Neue Gesichtspunkte haben sich im Berufungsverfahren nicht ergeben. Der Senat entnimmt auch dem von der Klägerin vorgelegten Urteil des SG im Verfahren S 8 U 2827/07 vom 22. Juli 2009, dass die von der behandelnden Internistin Dr. R. angenommene reaktive Depression und Schmerzstörung wegen der komplizierten Oberschenkelfraktur links bisher keiner nervenärztlichen Behandlung zugeführt wurde. Dies ergibt sich auch aus der sachverständigen Zeugenaussage von Dr. R. vom 2. September 2008 im erstinstanzlichen Verfahren.
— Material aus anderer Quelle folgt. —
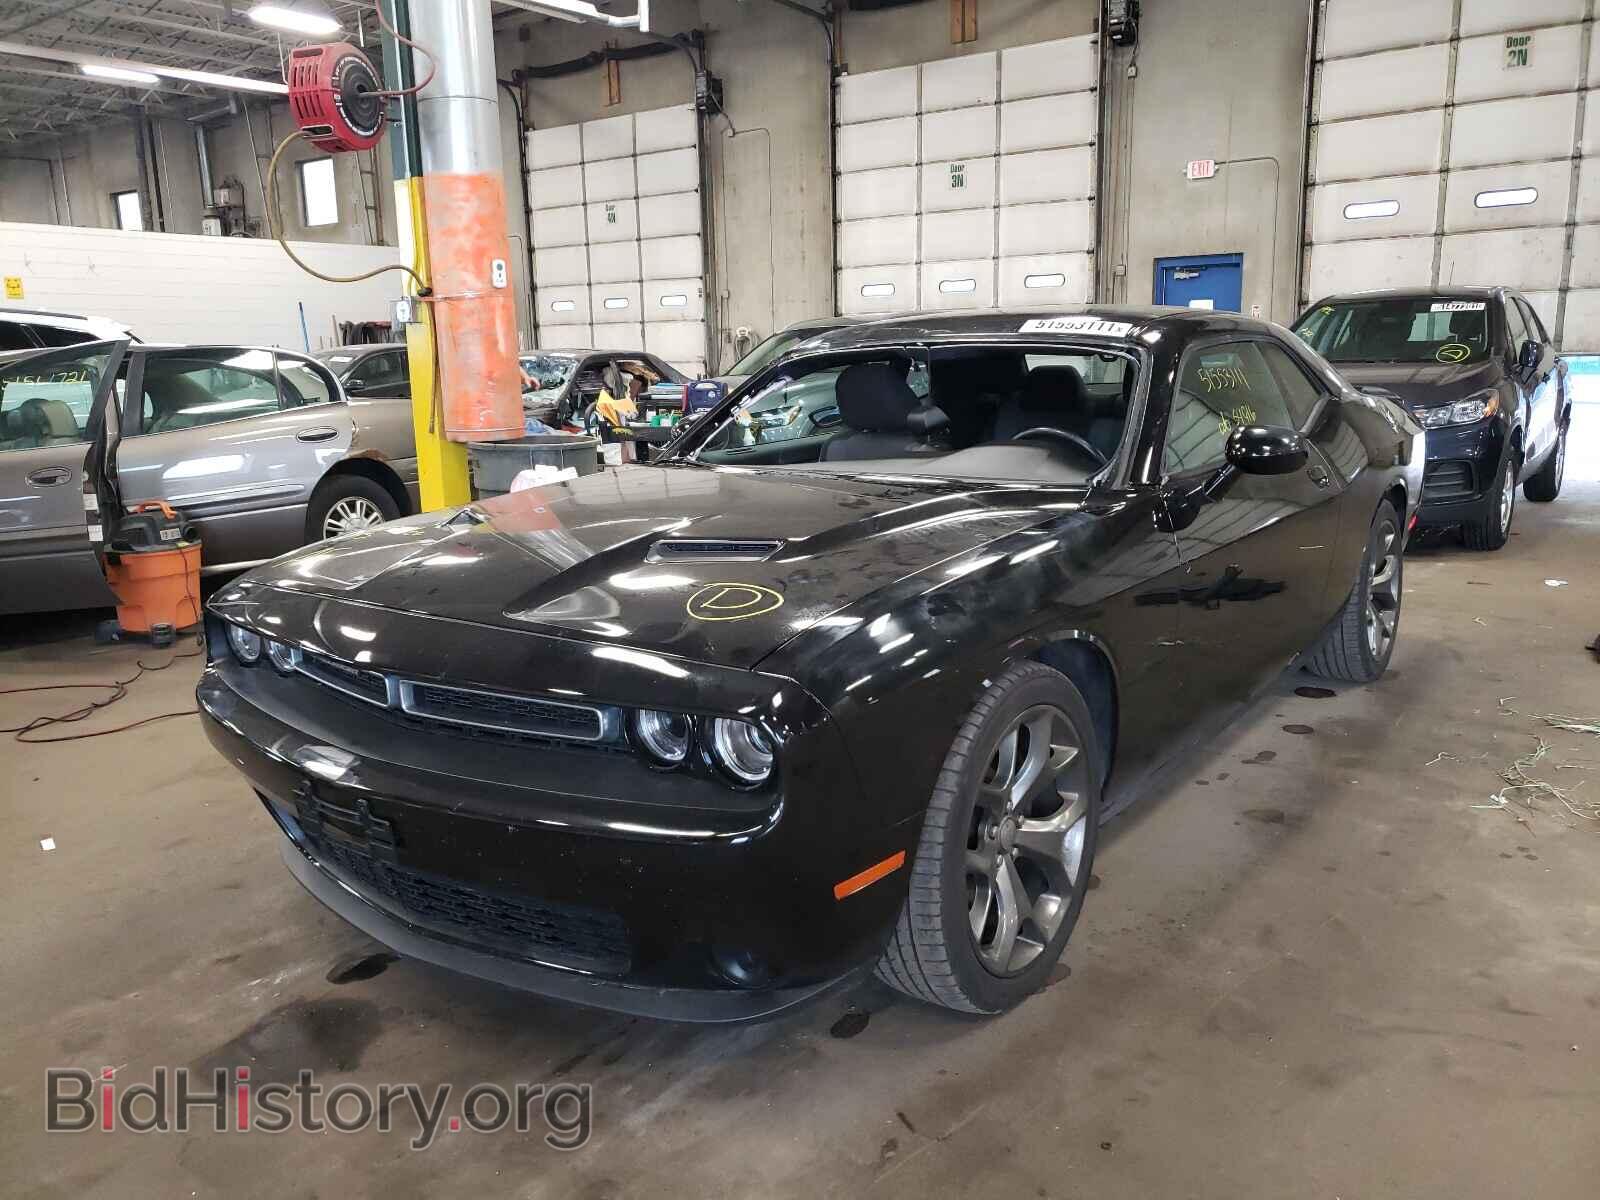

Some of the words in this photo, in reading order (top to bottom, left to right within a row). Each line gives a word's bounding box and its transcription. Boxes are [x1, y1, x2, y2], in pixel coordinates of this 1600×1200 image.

[1506, 36, 1532, 48] Door
[1507, 49, 1528, 67] 2N
[1191, 161, 1212, 176] EXIT
[951, 174, 964, 188] 3N
[1198, 368, 1252, 392] 51553111
Weitere Ermittlungen hierzu sind daher nicht veranlasst, zumal auch Dr. R. eine leichte sitzende Tätigkeit vollschichtig für zumutbar erachtet hat und das maßgebliche Leiden im orthopädischen Bereich sieht.
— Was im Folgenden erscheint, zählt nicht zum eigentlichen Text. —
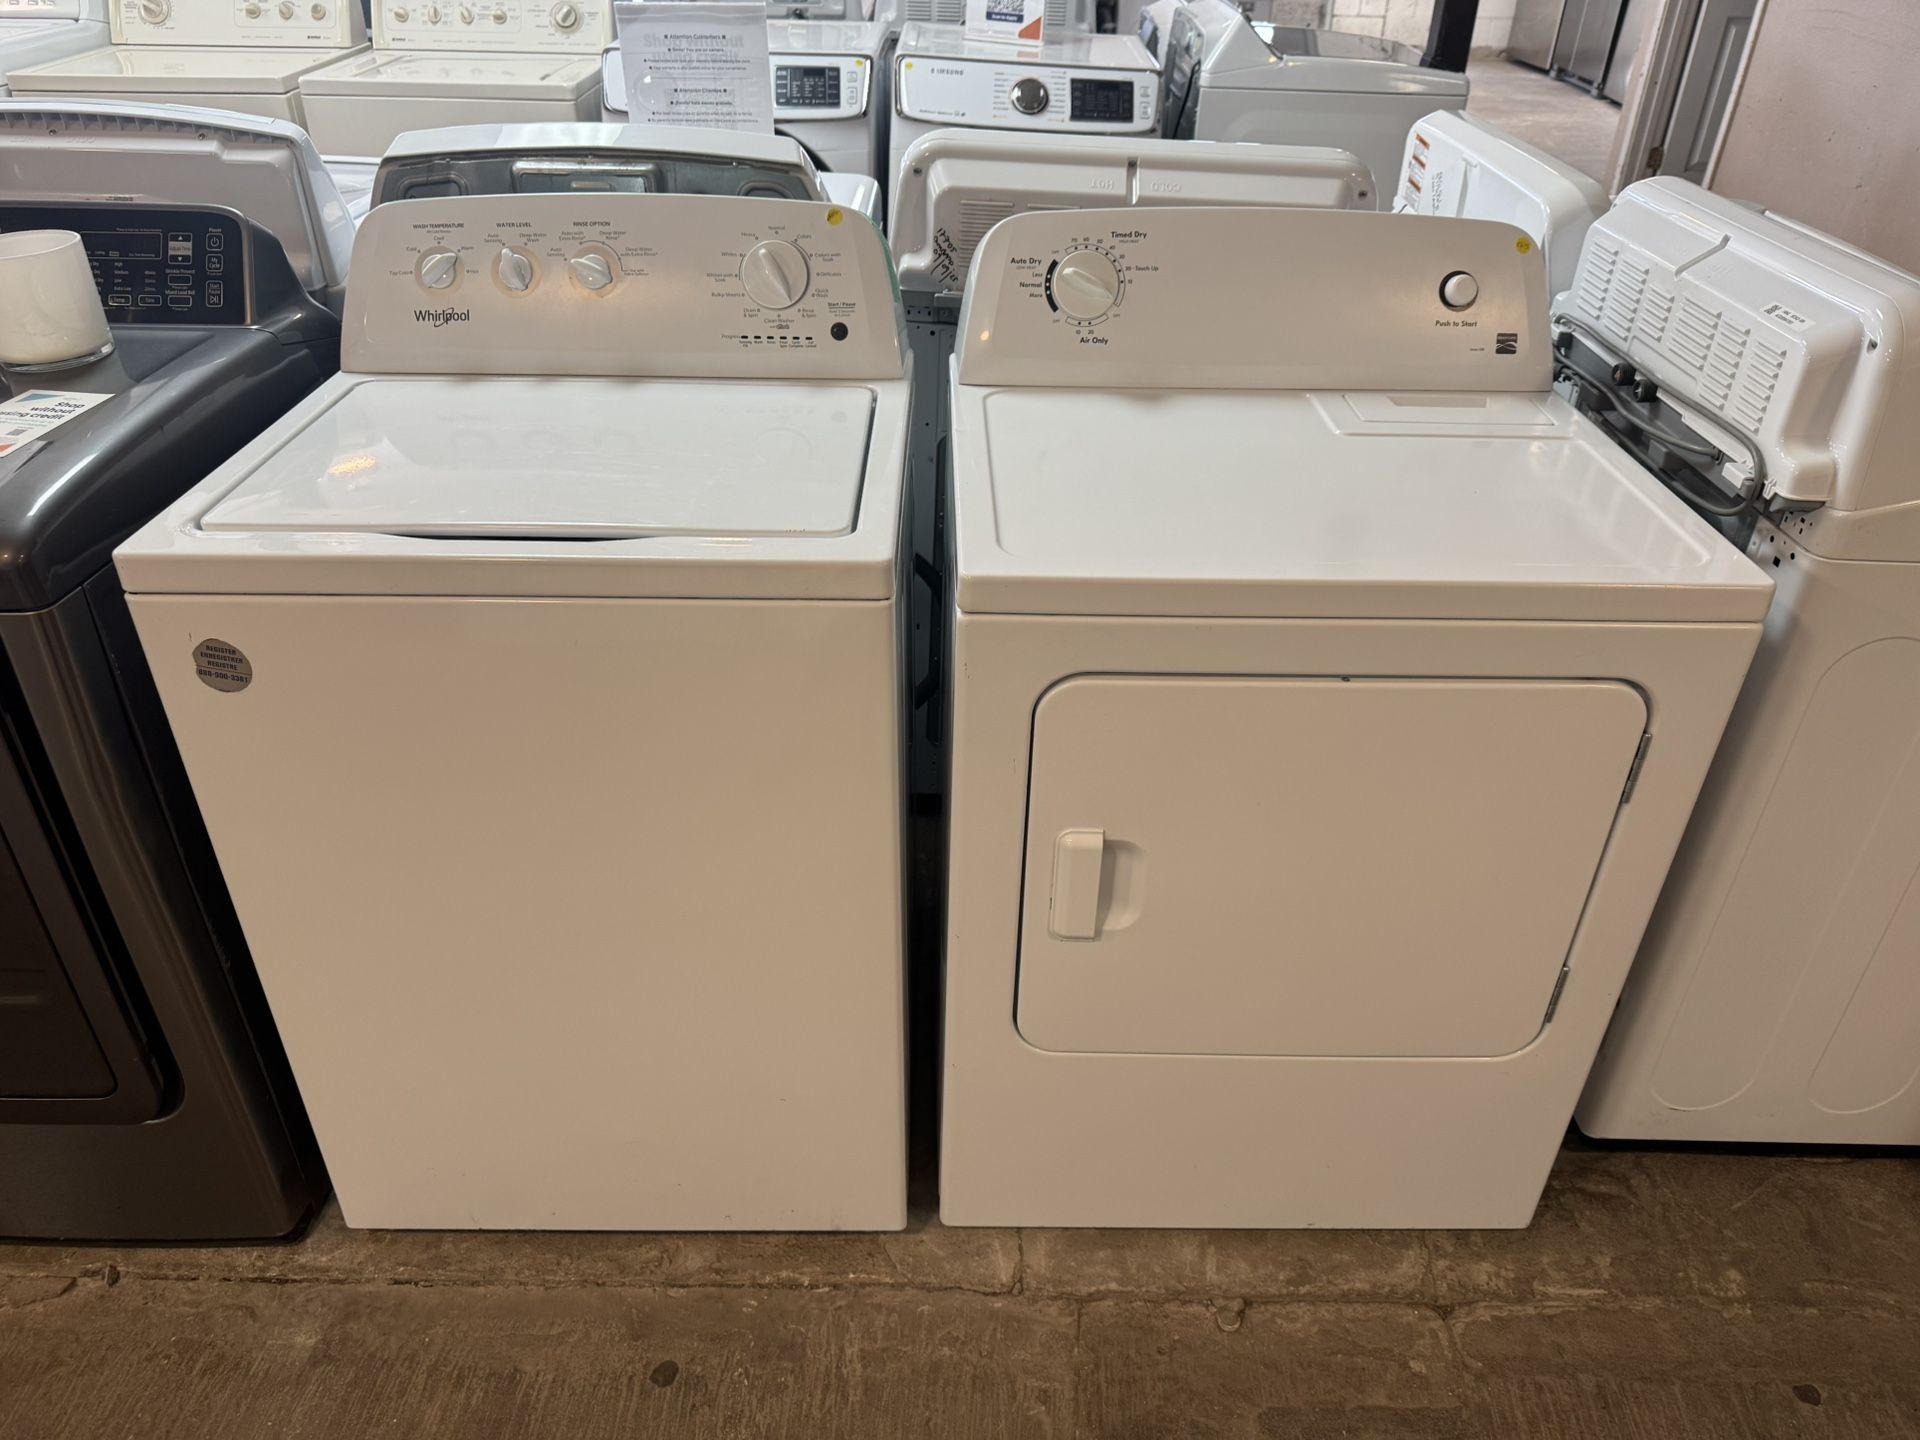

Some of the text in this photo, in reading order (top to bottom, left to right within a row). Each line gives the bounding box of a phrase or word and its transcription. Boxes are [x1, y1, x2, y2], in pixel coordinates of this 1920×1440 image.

[1111, 231, 1147, 239] Timed Dry
[1029, 257, 1042, 265] Dry
[413, 307, 470, 328] Whirlpool
[1092, 337, 1108, 345] Only
[30, 406, 76, 414] without
[205, 644, 237, 656] REGISTER
[207, 660, 238, 671] REGISTRE
Die dem Urteil vom 22. Juli 2009 zu entnehmenden Feststellungen zu den Unfallfolgen auf der Grundlage des vom SG in diesem Verfahren eingeholten orthopädischen Gutachtens von Dr. B. vom 6. Dezember 2008 weichen nicht von den Feststellungen von Dr. H. ab. Während Dr. B. die in ihrem Ausmaß wechselnden Bewegungseinschränkungen im linken Kniegelenk auch als Ausdruck einer Konversionsneurose sieht, führt Dr. H. aus, er gehe, obwohl er den genauen Mechanismus nicht erklären könne, dennoch von einer schmerzhaften Bewegungseinschränkung des linken Kniegelenks aus. In beiden Feststellungen wird somit eine psychische Komponente der Bewegungseinschränkung angesprochen und bewertet. Während die Klägerin bei Dr. H. am 31.Oktober 2008 nur ein Bewegungsausmaß im linken Kniegelenk von 70/0/0 erreichte, maß Dr. B. im Gutachten vom 6. Dezember 2008 eine Beweglichkeit von 90/0/0. Auch hier sind weitere Ermittlungen nicht veranlasst.

Die Kostenentscheidung beruht auf § 193 SGG.

Gründe für die Zulassung der Revision liegen nicht vor.